Trump alza la pressione su Cuba dopo il blitz a Caracas: stop a petrolio e fondi venezuelani
Il presidente degli Stati Uniti Donald Trump ha lanciato un ultimatum diretto a Cuba: “fare un accordo” oppure affrontare conseguenze non meglio specificate. Al centro della minaccia c'è il blocco totale del flusso di petrolio e denaro proveniente dal principale alleato dell'Avana, il Venezuela.
L'avvertimento arriva pochi giorni dopo l'operazione militare statunitense del 3 gennaio a Caracas, durante la quale le forze USA hanno catturato il leader venezuelano Nicolás Maduro e la moglie Cilia Flores. Secondo Washington, l'azione rientrava nella lotta al narcotraffico; secondo l'Avana, è stata un atto di aggressione che ha causato la morte di 32 cittadini cubani presenti nella capitale venezuelana.
Da anni il Venezuela invia a Cuba circa 35.000 barili di petrolio al giorno, una fornitura vitale per un Paese già in difficoltà energetica. La nuova strategia americana, che prevede la confisca delle petroliere venezuelane sanzionate, sta aggravando la crisi di carburante ed elettricità sull'isola. Venerdì, gli Stati Uniti hanno sequestrato la quinta nave sospettata di trasportare greggio venezuelano.
Sul suo social, Truth, Trump è stato netto: per anni Cuba avrebbe vissuto di “petrolio e denaro” in cambio di servizi di sicurezza ai “dittatori” venezuelani. “Non più”, ha scritto, promettendo zero forniture se l'Avana non accetterà un'intesa. Nessun dettaglio sui termini, né sulle conseguenze.
La risposta cubana non si è fatta attendere. Il ministro degli Esteri Bruno Rodríguez ha rivendicato “il diritto assoluto” di importare carburante da chiunque, senza interferenze o “misure coercitive unilaterali” degli Stati Uniti, respingendo ogni forma di ricatto o coercizione militare. Il presidente Miguel Díaz-Canel ha rincarato: “Nessuno ci dice cosa dobbiamo fare”.
Trump ha anche sostenuto che, dopo il blitz, il Venezuela non avrebbe più bisogno della protezione cubana: ora, ha affermato, se ne occuperebbero gli Stati Uniti, “la forza militare più potente al mondo”. L'Avana nega di aver mai ricevuto compensi per i servizi di sicurezza forniti ad altri Paesi.

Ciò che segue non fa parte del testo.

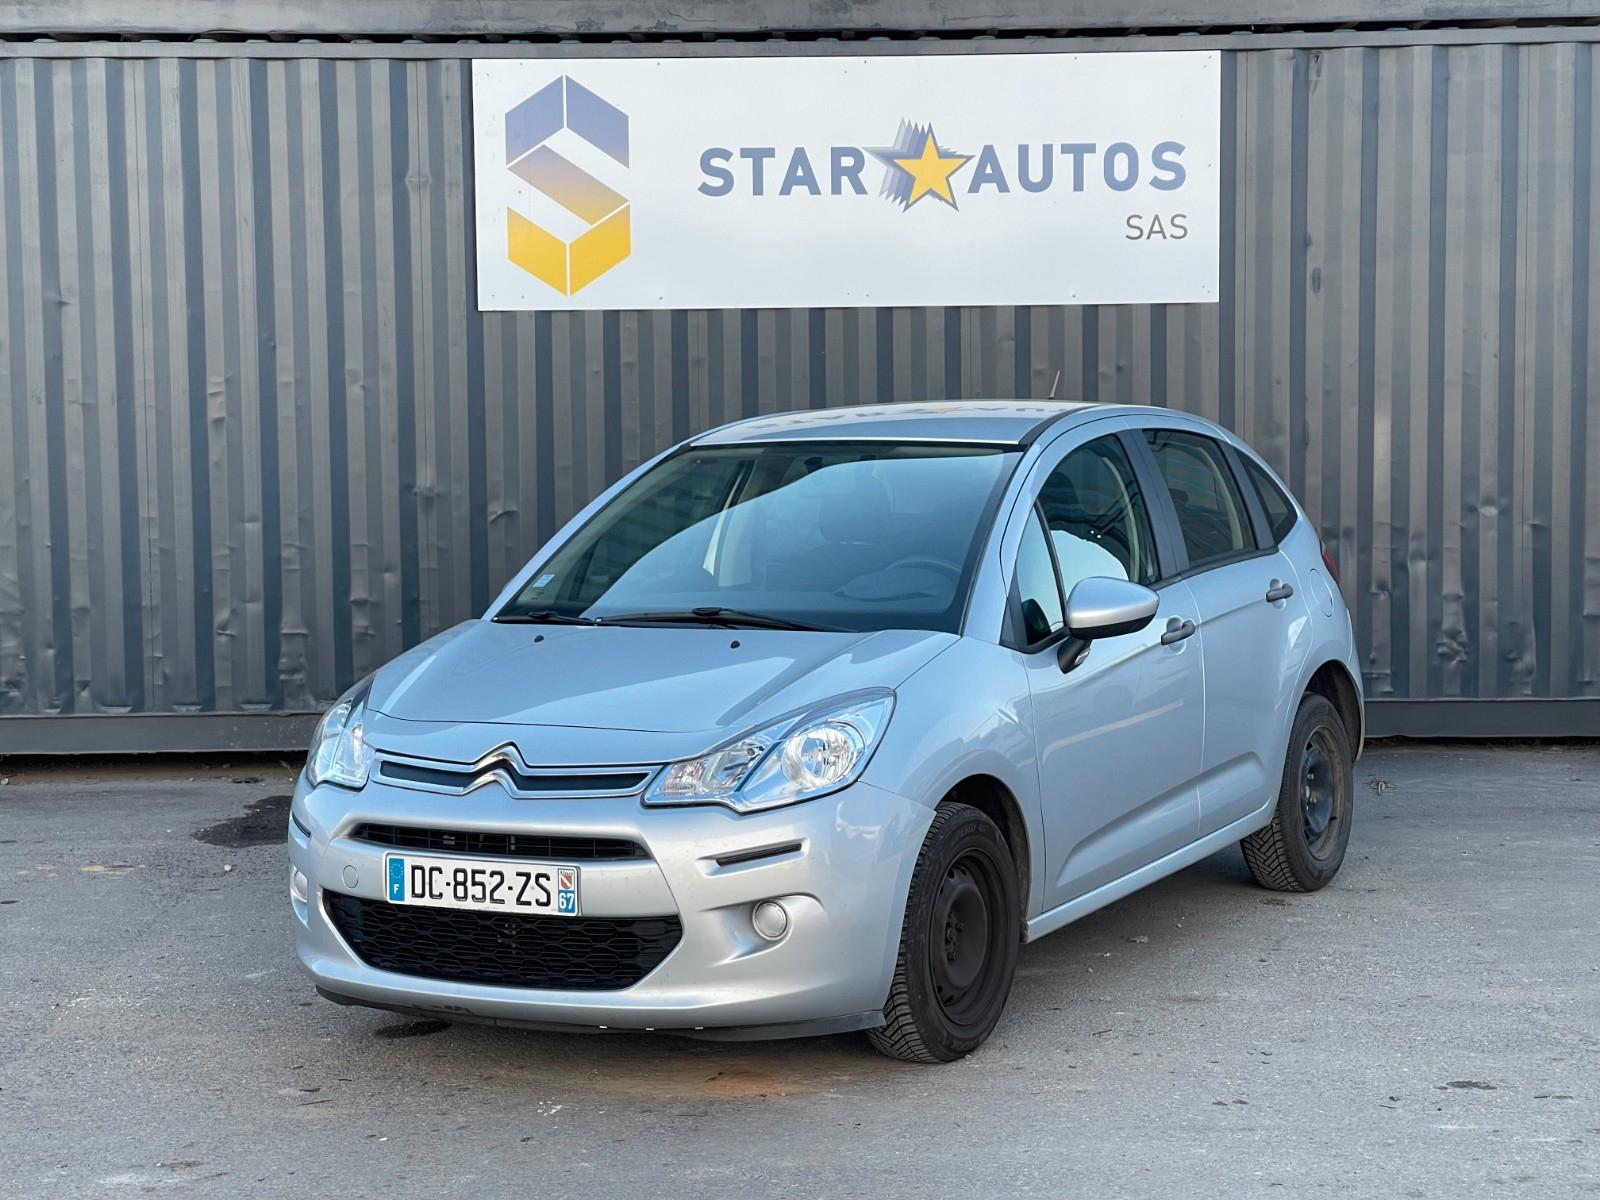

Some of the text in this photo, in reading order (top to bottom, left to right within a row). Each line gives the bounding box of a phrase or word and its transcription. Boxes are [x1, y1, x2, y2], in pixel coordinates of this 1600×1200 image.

[698, 140, 1186, 197] STAR AUTOS
[1125, 213, 1188, 240] SAS
[393, 884, 400, 895] F
[411, 864, 551, 907] DC-852-ZS
[559, 892, 575, 910] 67

Intanto, il segretario di Stato Marco Rubio ha alimentato il clima di pressione, avvertendo che i leader cubani “sono in grossi guai”. Trump ha persino rilanciato online un post che ipotizzava Rubio – cubano-americano e figlio di esuli – come futuro presidente di Cuba, commentando: “Mi sembra un'ottima idea”.
La linea dura rientra in una visione più ampia: Trump parla apertamente di una versione aggiornata della Dottrina Monroe del 1823, ribattezzata “Donroe Doctrine”, che rivendica la supremazia statunitense nell'emisfero occidentale. Negli ultimi mesi, la politica estera USA si è concentrata sull'America Latina e sui governi di sinistra, giustificando le azioni con la lotta al narcotraffico.

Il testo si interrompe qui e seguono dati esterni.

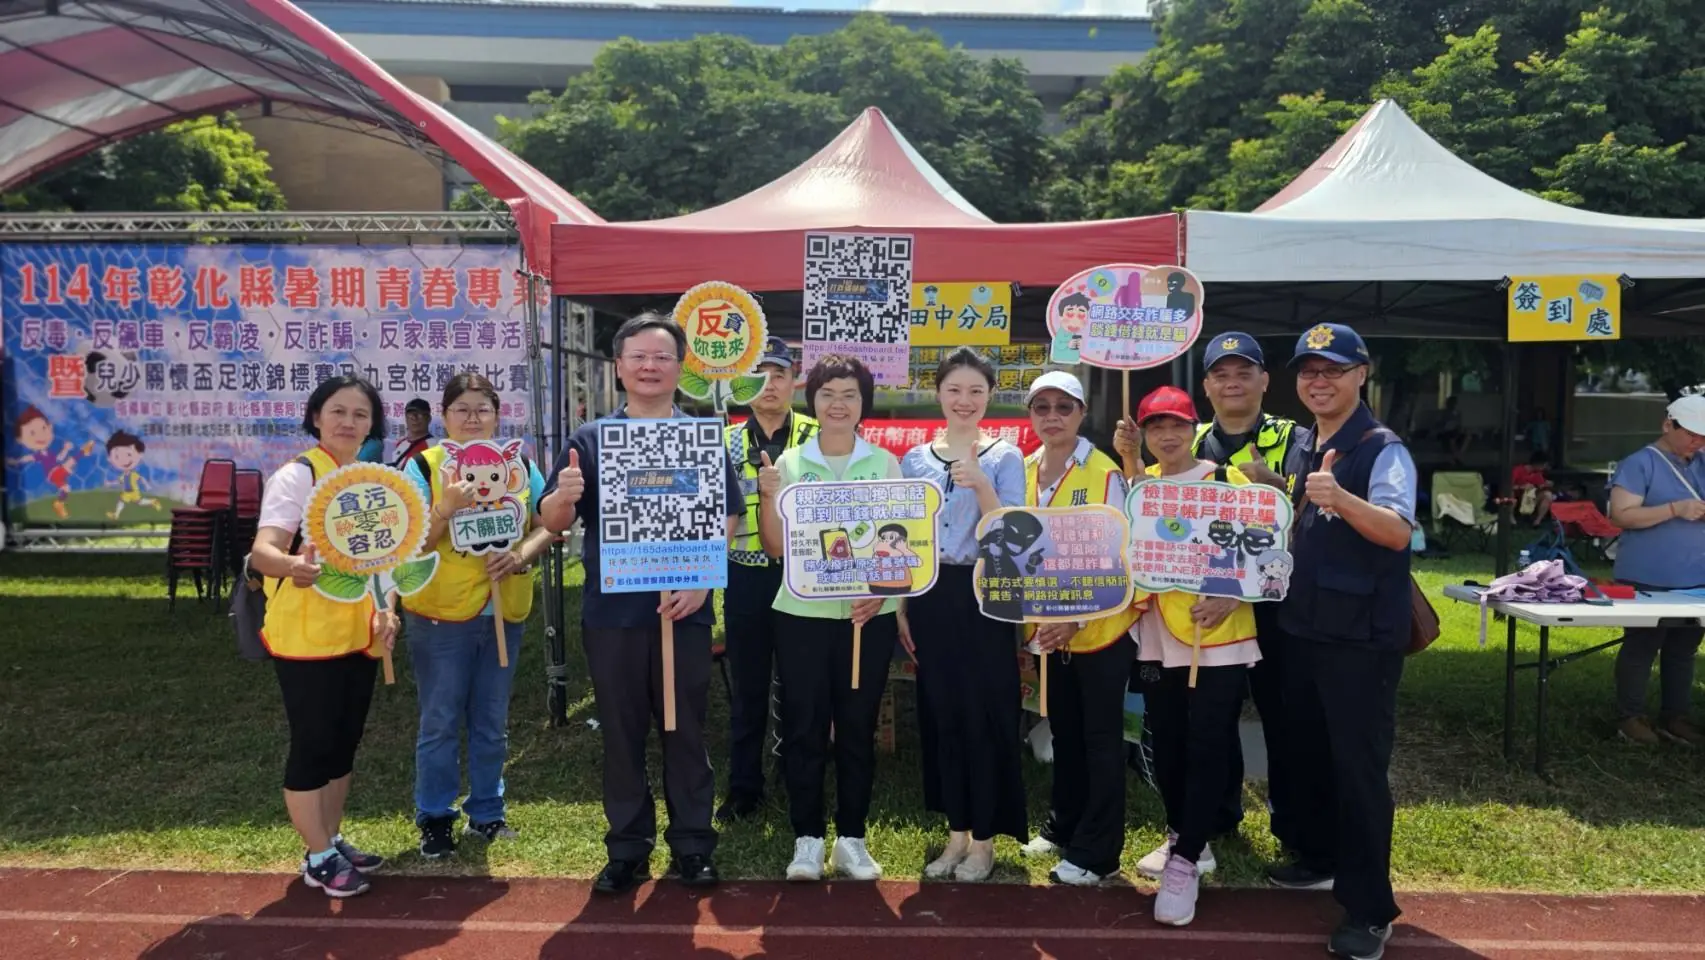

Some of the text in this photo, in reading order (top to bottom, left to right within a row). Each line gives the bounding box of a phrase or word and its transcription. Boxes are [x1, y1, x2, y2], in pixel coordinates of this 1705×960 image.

[910, 304, 1009, 330] 田中分局
[1090, 303, 1187, 323] 網路交友詐騙多
[1513, 282, 1613, 336] 簽到處
[693, 337, 745, 359] 你我來
[48, 354, 86, 398] 暨
[336, 486, 387, 515] 貪污
[796, 485, 926, 505] 親友來電換電話
[1142, 484, 1277, 506] 檢警要錢必詐騙
[355, 511, 380, 532] 零
[796, 503, 927, 524] 講到匯錢就是騙
[1142, 501, 1276, 524] 監管帳戶都是騙
[456, 514, 516, 541] 不關說
[348, 528, 396, 555] 容忍
[601, 543, 726, 557] https://165dashboard.tw/

Dopo Caracas, Trump ha persino detto che un'operazione militare contro la Colombia “suonerebbe bene”, minacciando il presidente Gustavo Petro. Sanzioni sono già state imposte a Bogotá. Nel mirino anche il Messico: Trump accusa un flusso incontrollato di droga e ha offerto truppe USA, proposta respinta dalla presidente Claudia Sheinbaum.
Le relazioni tra Washington e L'Avana restano storicamente tese dal 1959, quando Fidel Castro rovesciò un governo fantoccio sostenuto dagli USA. Dopo il disgelo sotto Barack Obama, Trump ha smantellato gran parte delle aperture, arrivando – all'inizio del suo secondo mandato – a reinserire Cuba nella lista degli Stati sponsor del terrorismo, status revocato solo pochi giorni prima dal suo predecessore Joe Biden.
Per Díaz-Canel, l'offensiva verbale di Washington nasce dalla rabbia per la scelta sovrana del popolo cubano di difendere il proprio modello politico. Il messaggio dell'Avana è chiaro: niente accordi sotto minaccia. Ma con il rubinetto del petrolio che rischia di chiudersi del tutto, lo scontro entra ora in una fase ad alto rischio.